Dalam bentuknya yang paling awal, yaitu Keroncong Moresco, diiringi oleh
musik dawai seperti biola, ukulele, cello, dan perkusi yang terkadang
juga dipakai. Setting orkes semacam ini masih dipakai oleh Keroncong
Tugu, bentuk keroncong yang masih dimainkan oleh komunitas keturunan
budak Portugis yang tinggal di Kampung Tugu. Dalam perkembangannya,
alat-alat musik yang digunakan oleh musik keroncong terus mengalami
evolusi
Pada dasarnya alat musik yang digunakan dalam memainkan musik
keroncong yang dipakai sebagai ukuran adalah tujuh macam alat, yaitu
biola, seruling (flute), gitar, ukulele, banjo, bass dan cello. Apabila
sudah ada ketujuh alat musik ini maka permainan musik keroncong ini
sudah dikatakan lengkap. Fungsi dari setiap alat musik dari alat musik
tersebut adalah sebagai berikut:
a. Biola, alat ini termasuk warga instrumen gesek, biola berfungsi
sebagai pemegang melodi dan sebagai kontrapung dari vokal dengan
imitasi-imitasinya.
b. Flute, alat ini termasuk warga instrumen tiup kayu. Fungsi alat ini
sebagai pemegang melodi seperti biola dan mengisi kekosongan selain
untuk mengisi intro dan coda.
c. Gitar, alat ini termasuk instrumen petik (keluarga instrumen tali)

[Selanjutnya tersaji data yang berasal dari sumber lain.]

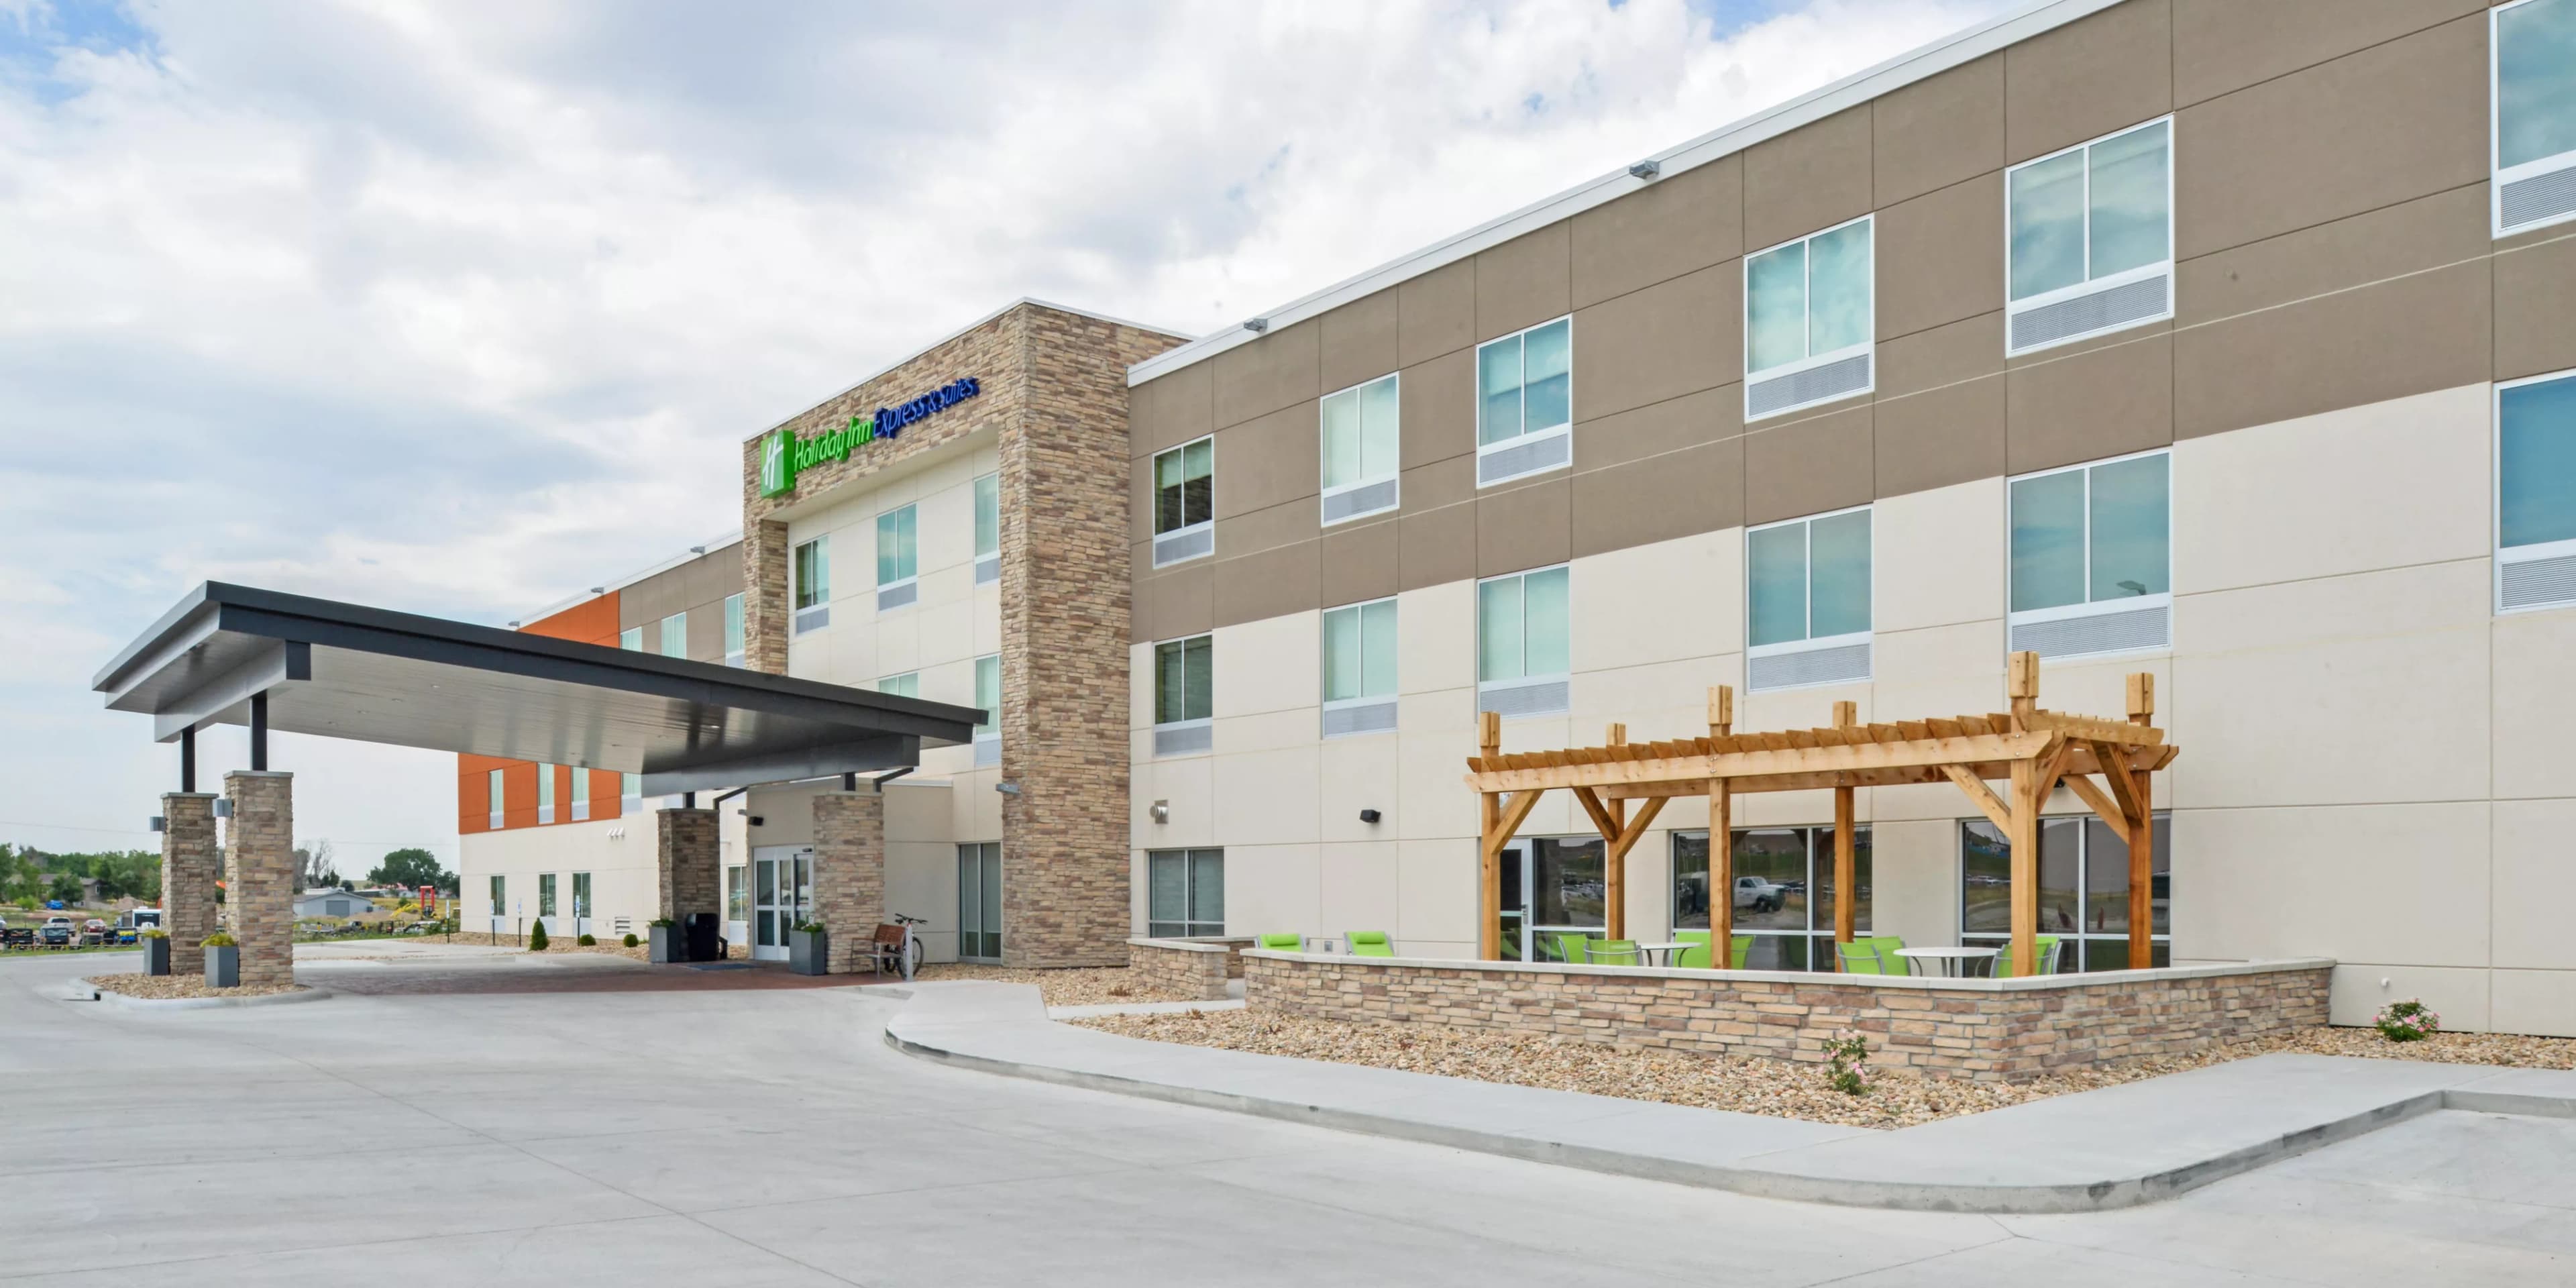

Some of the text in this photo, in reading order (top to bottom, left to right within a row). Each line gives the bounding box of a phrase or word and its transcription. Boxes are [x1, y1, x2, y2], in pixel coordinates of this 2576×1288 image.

jadi agak berbeda dengan biola yang menjadi instrumen gesek. Fungsi
alat ini sebagai pengiring tapi dapat pula sebagai pembawa melodi.
d. Ukulele, alat ini termasuk instrumen petik, dan berfungsi sebagai
pemegang ritmis, bertali nilon tiga buah dengan stem nada G”–B”–E”
disebut ukulele stem F, dan bertali empat dengan sistem nada
G”-C”-E”-A”, disebut ukulele stem A.
e. Banjo, alat ini dalam keroncong sering disebut dengan cak atau cak
tenor. Termasuk instrumen keluarga petik dan dalam keroncong berfungsi
sebagai pemegang ritmis.
f. Cello, alat ini sekeluarga dengan biola termasuk instrumen gesek,
hanya berbentuk lebih besar. Alat ini berfungsi sebagai pemegang ritmis
bertali tiga dengan stem nada C-G-D, ada pula yang menggunakan stem nada
D-G-D, dengan maksud mempermudah permainan atau cara bermain. Cello
dimainkan dengan dipetik, biasanya dipetik dengan cara pizzicato (dengan
jari telunjuk dan ibu jari).
Bass, atau kontra bass juga termasuk keluarga instrumen tali dan
mempunyai leher yang lebih pendek daripada biola atau cello sedang
pundaknya tajam. Bass berfungsi sebagai pengendali ritmis.